[Stored data]

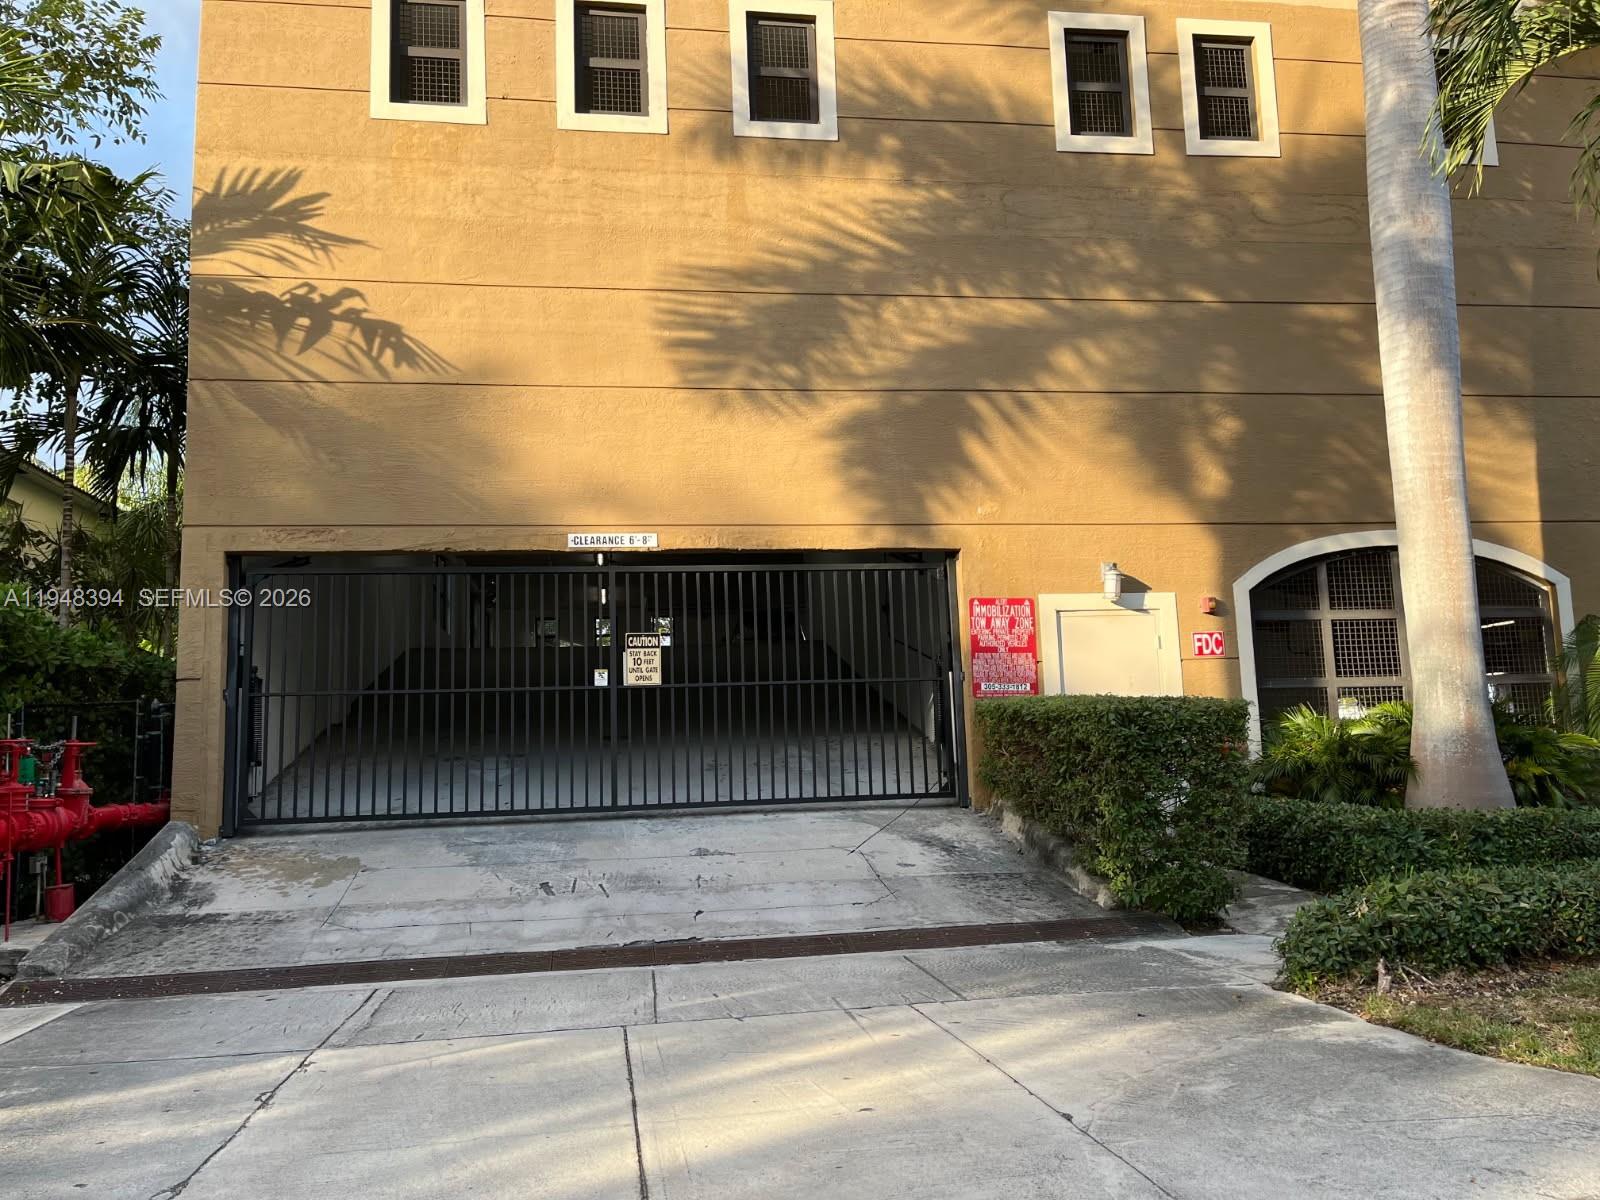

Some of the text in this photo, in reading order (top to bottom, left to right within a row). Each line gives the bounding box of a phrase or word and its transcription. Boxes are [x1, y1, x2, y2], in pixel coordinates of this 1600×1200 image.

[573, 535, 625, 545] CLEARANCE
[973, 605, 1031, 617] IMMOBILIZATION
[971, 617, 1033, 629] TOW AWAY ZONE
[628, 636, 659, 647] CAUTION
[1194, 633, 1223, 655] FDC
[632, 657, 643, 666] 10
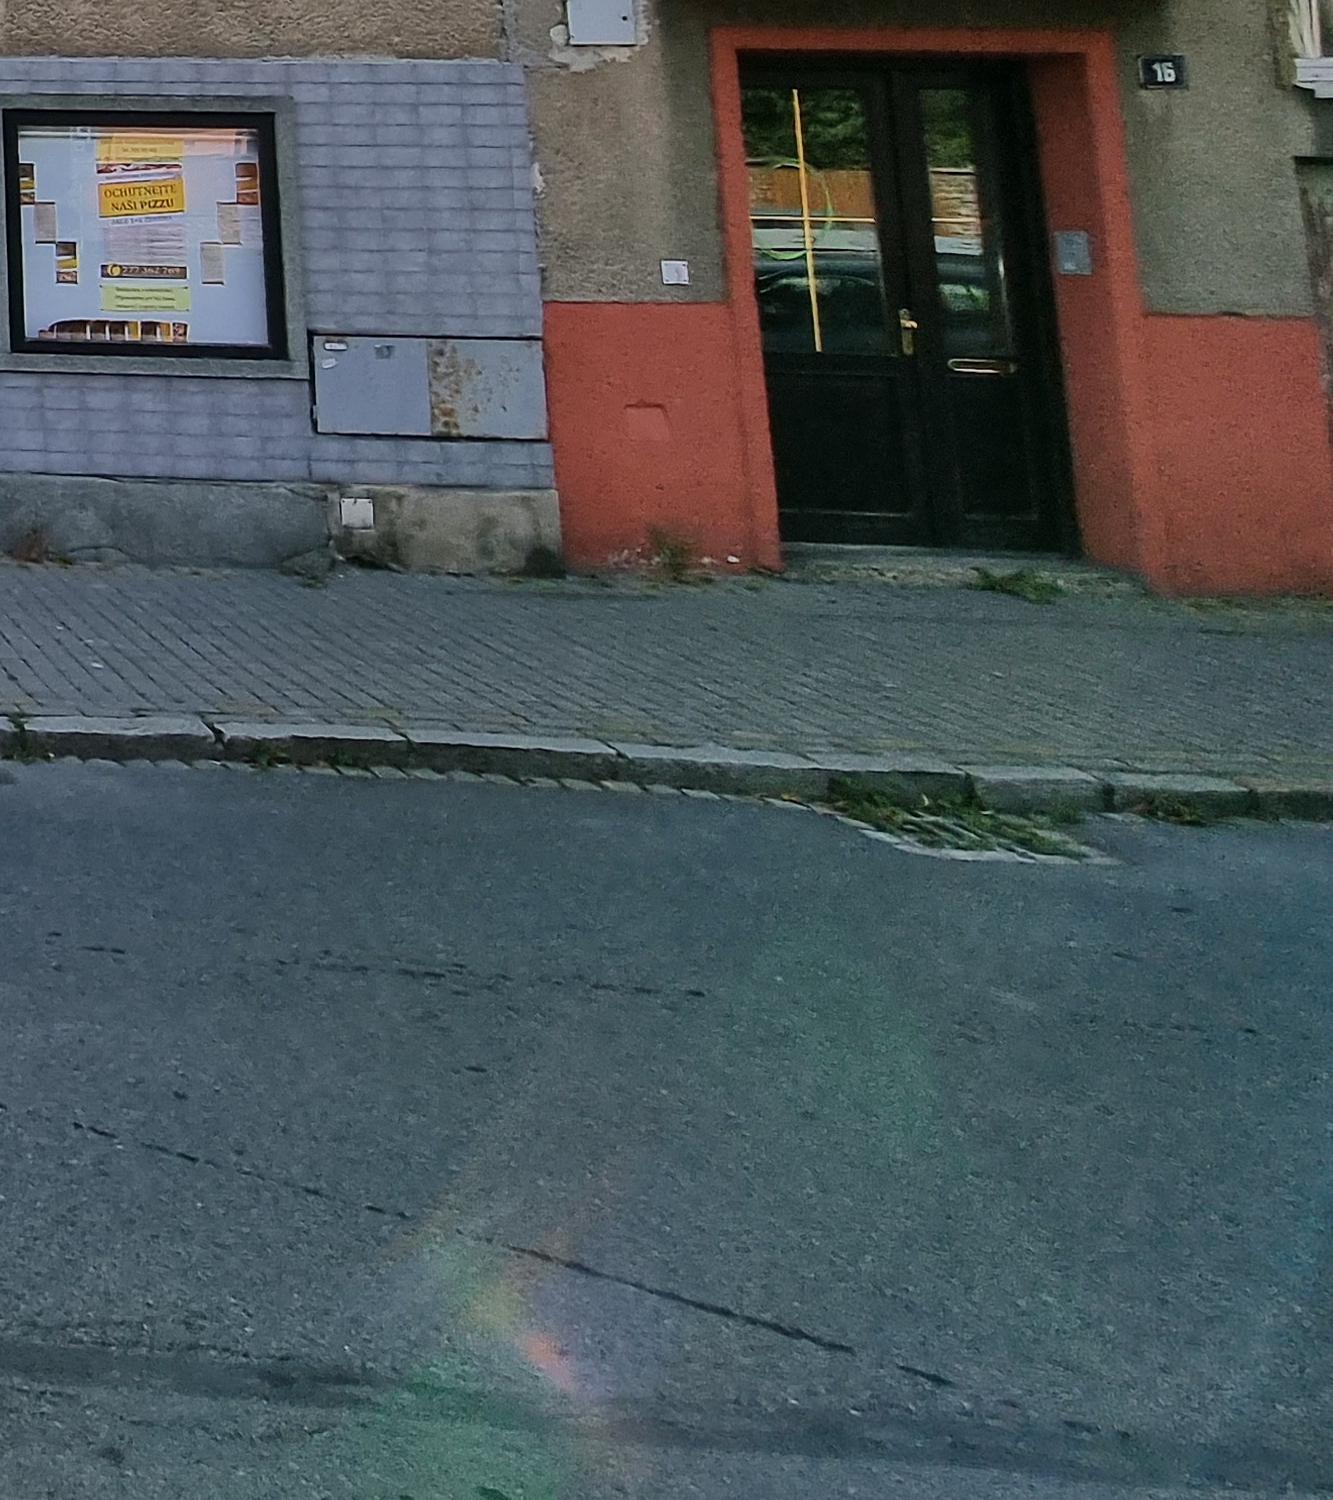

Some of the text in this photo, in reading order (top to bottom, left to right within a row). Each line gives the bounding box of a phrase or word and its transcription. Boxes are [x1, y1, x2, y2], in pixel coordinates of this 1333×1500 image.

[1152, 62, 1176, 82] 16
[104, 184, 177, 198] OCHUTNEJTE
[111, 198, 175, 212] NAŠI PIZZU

Task to complete: Leave every picture out and output the records exactly.

Task result:
Some of the text in this photo, in reading order (top to bottom, left to right within a row). Each line gives the bounding box of a phrase or word and its transcription. Boxes are [x1, y1, x2, y2], in pixel coordinates of this 1600×1200 image.

[573, 535, 625, 545] CLEARANCE
[973, 605, 1031, 617] IMMOBILIZATION
[971, 617, 1033, 629] TOW AWAY ZONE
[628, 636, 659, 647] CAUTION
[1194, 633, 1223, 655] FDC
[632, 657, 643, 666] 10

Some of the text in this photo, in reading order (top to bottom, left to right within a row). Each line gives the bounding box of a phrase or word and its transcription. Boxes are [x1, y1, x2, y2], in pixel coordinates of this 1333×1500 image.

[1152, 62, 1176, 82] 16
[104, 184, 177, 198] OCHUTNEJTE
[111, 198, 175, 212] NAŠI PIZZU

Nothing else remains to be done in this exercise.